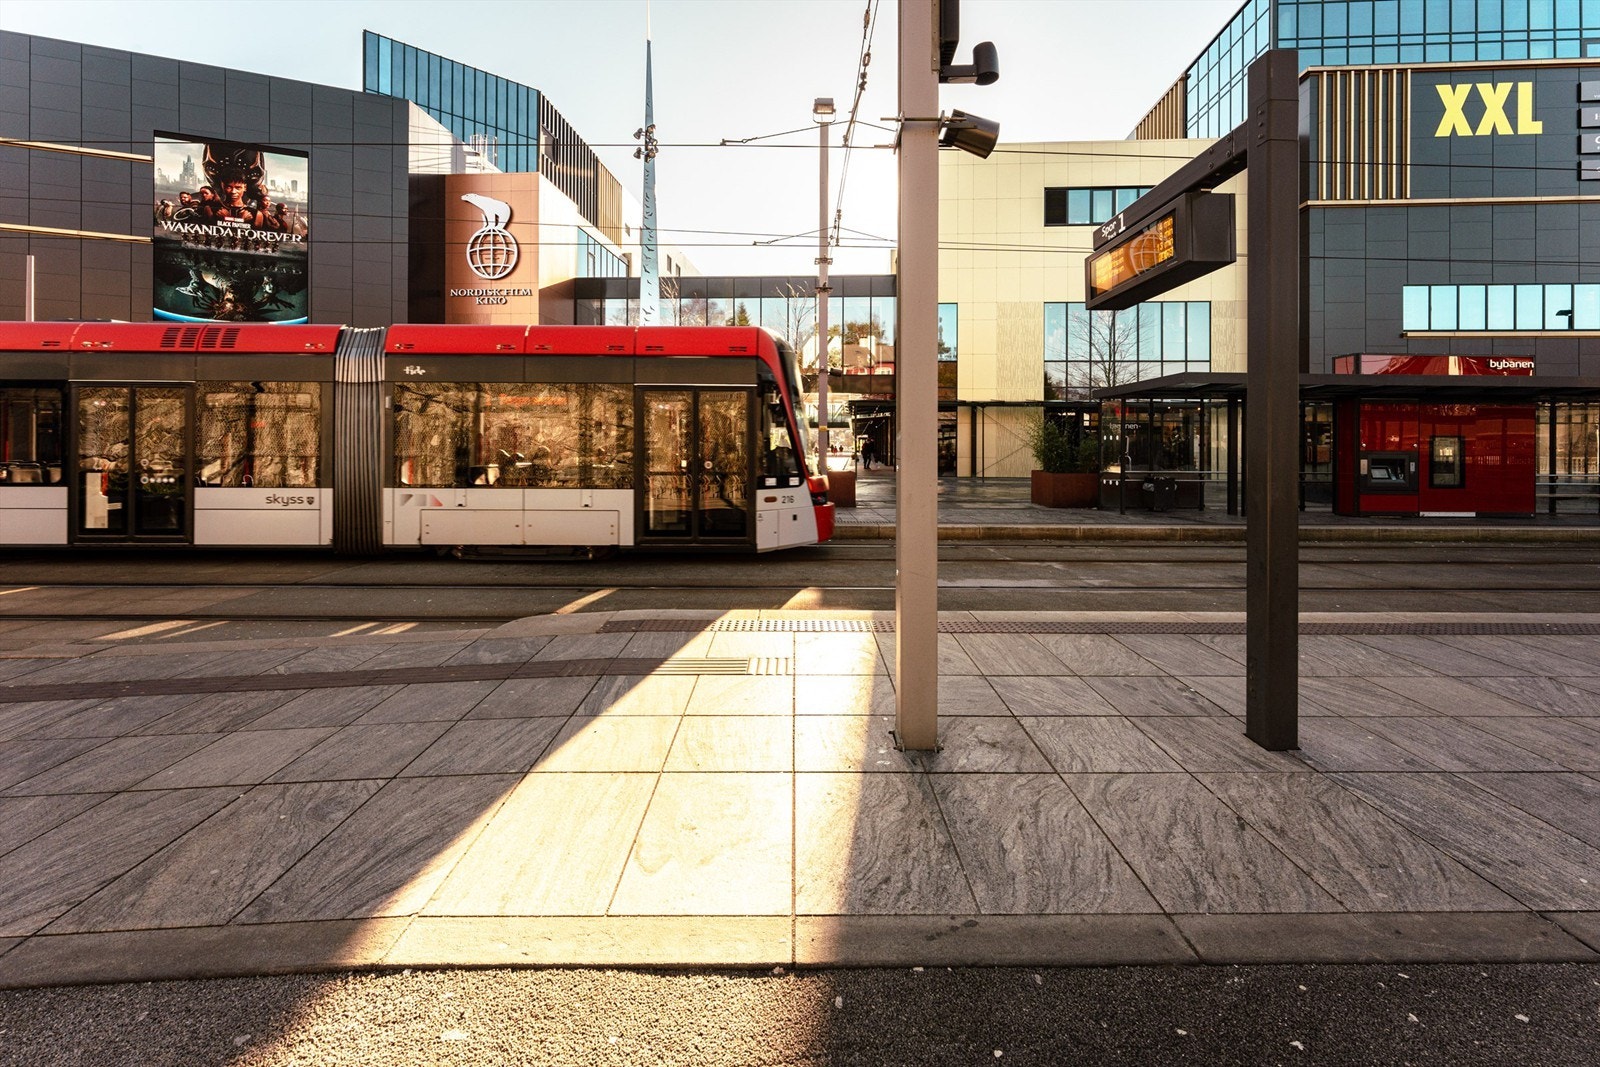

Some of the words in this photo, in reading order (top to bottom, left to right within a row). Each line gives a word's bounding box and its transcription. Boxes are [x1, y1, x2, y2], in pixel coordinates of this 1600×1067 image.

[1434, 81, 1543, 137] XXL
[161, 220, 233, 237] WAKANDA
[237, 228, 302, 242] FOREVER
[1101, 221, 1117, 237] Spor
[1118, 213, 1127, 233] 1
[450, 288, 502, 297] NORDISK
[504, 288, 533, 297] FILM
[476, 296, 508, 305] KINO
[1489, 359, 1535, 370] bybanen
[265, 493, 304, 507] skyss
[781, 495, 795, 504] 216
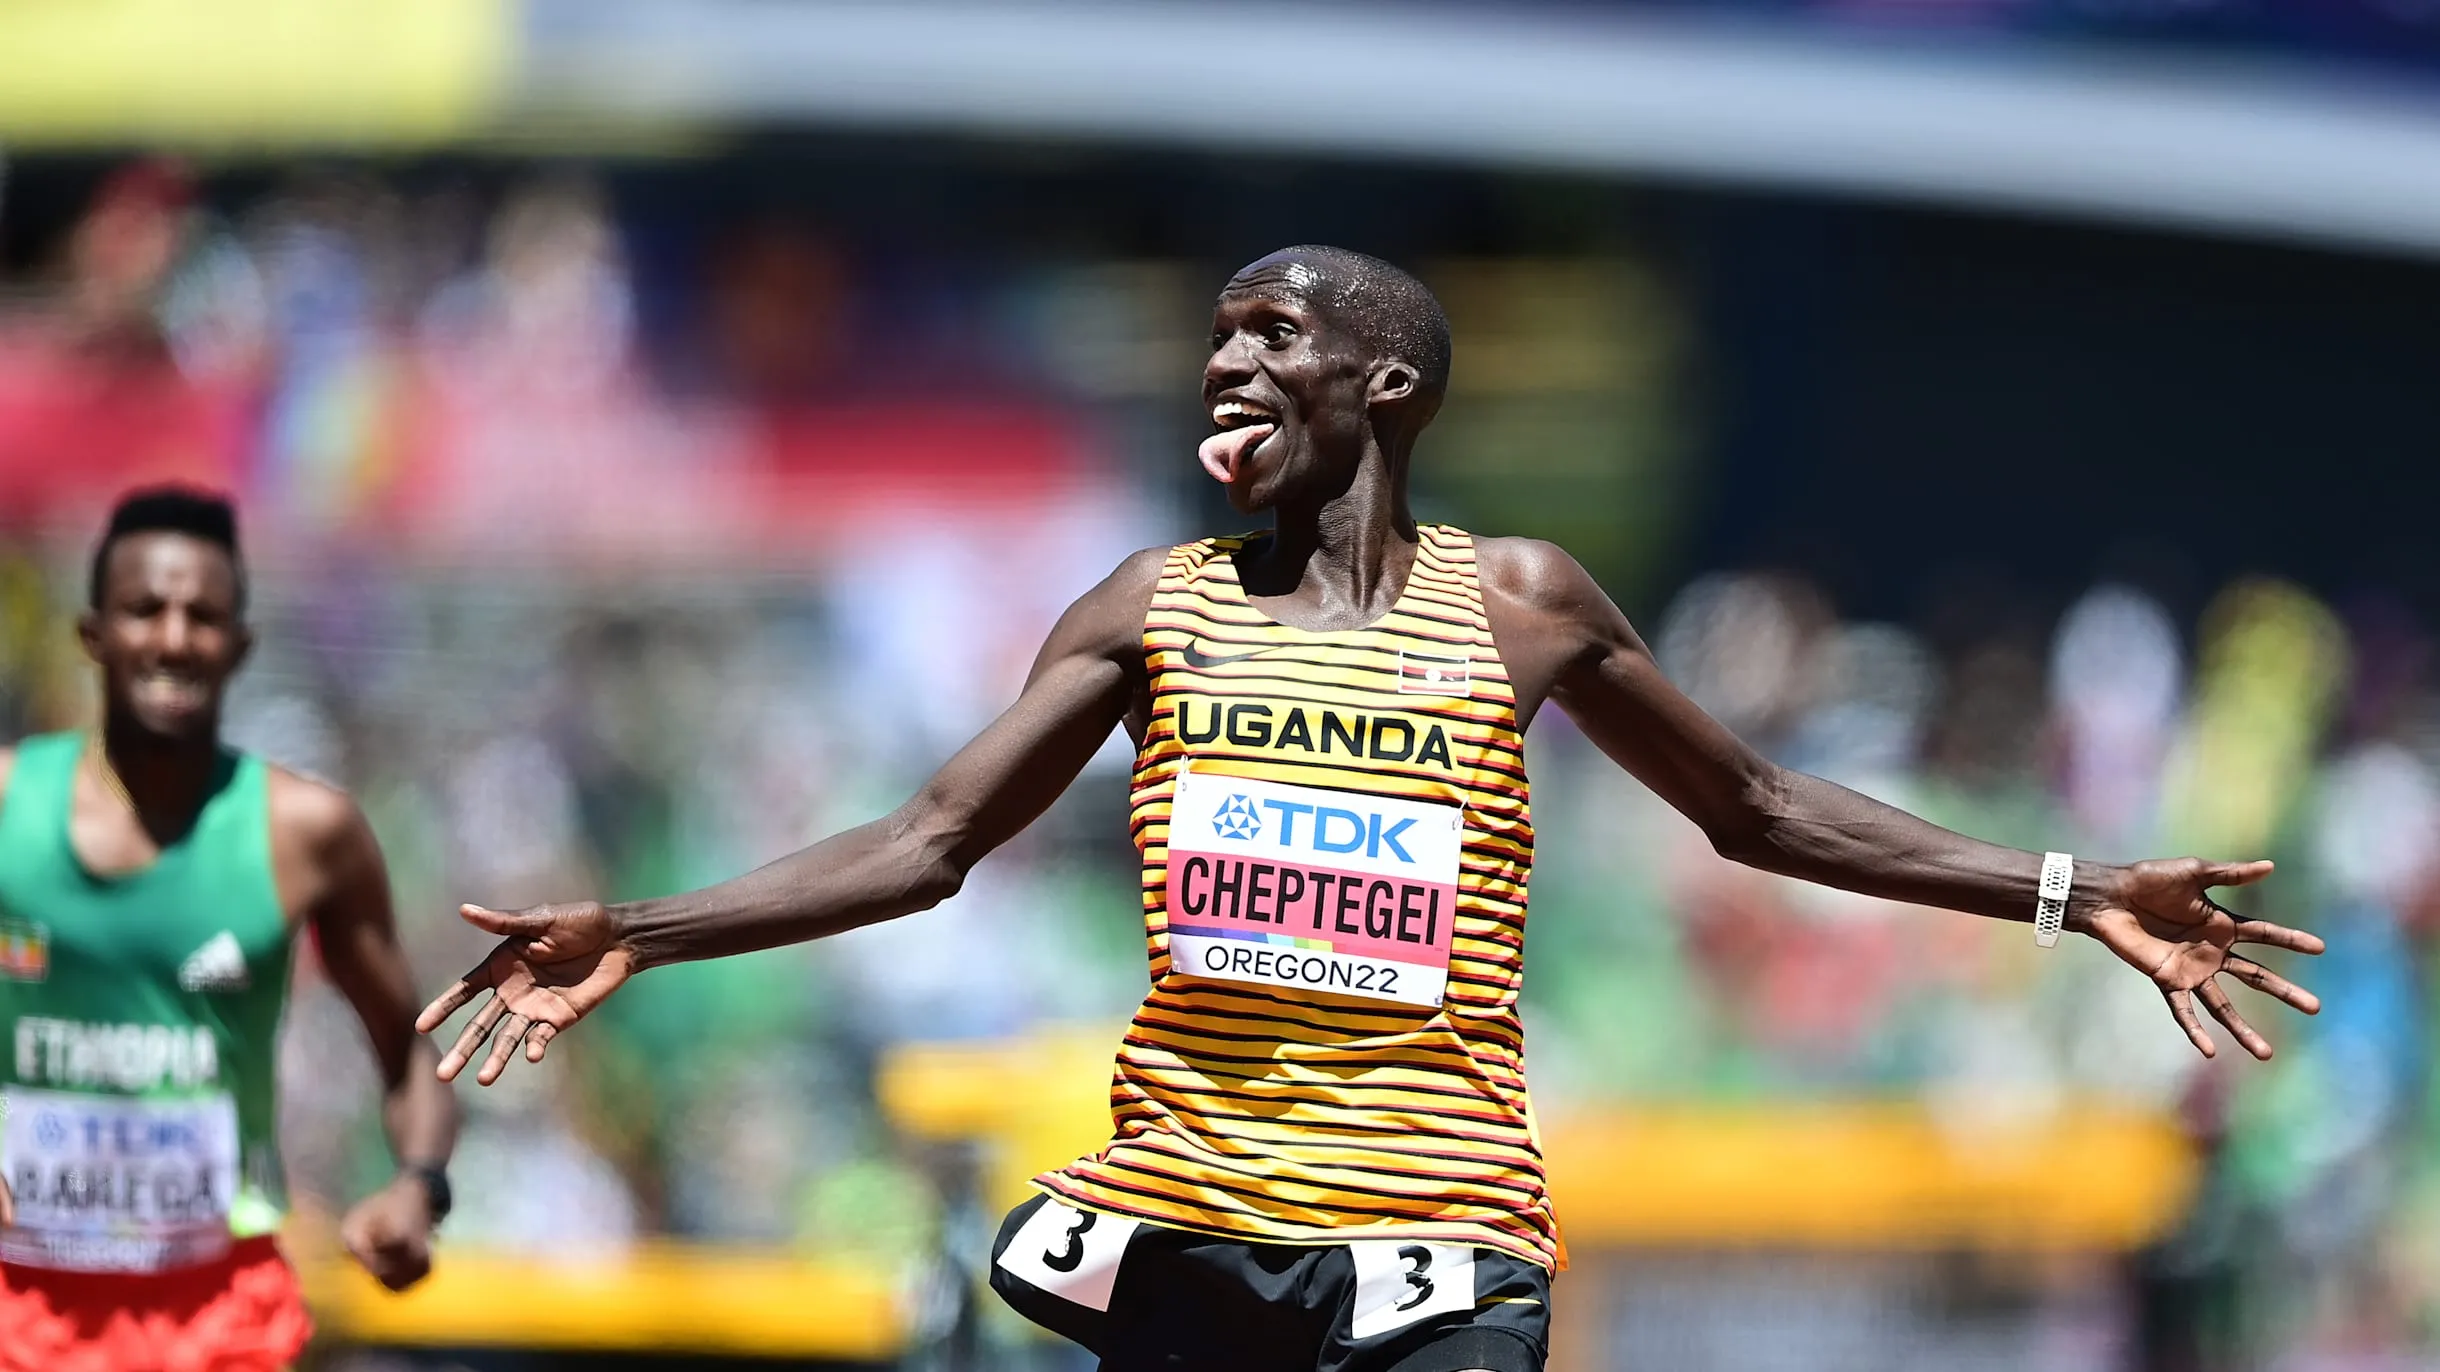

------

● **Task details**
Give the entries above again, exactly as written and free of images.

● **Answer for this exercise**
Some of the words in this photo, in reading order (top to bottom, left to right within a row). Each line gives a word's bounding box and its transcription. Boxes are [x1, y1, x2, y2], in pixel coordinates of this 1600×1067 image.

[1434, 81, 1543, 137] XXL
[161, 220, 233, 237] WAKANDA
[237, 228, 302, 242] FOREVER
[1101, 221, 1117, 237] Spor
[1118, 213, 1127, 233] 1
[450, 288, 502, 297] NORDISK
[504, 288, 533, 297] FILM
[476, 296, 508, 305] KINO
[1489, 359, 1535, 370] bybanen
[265, 493, 304, 507] skyss
[781, 495, 795, 504] 216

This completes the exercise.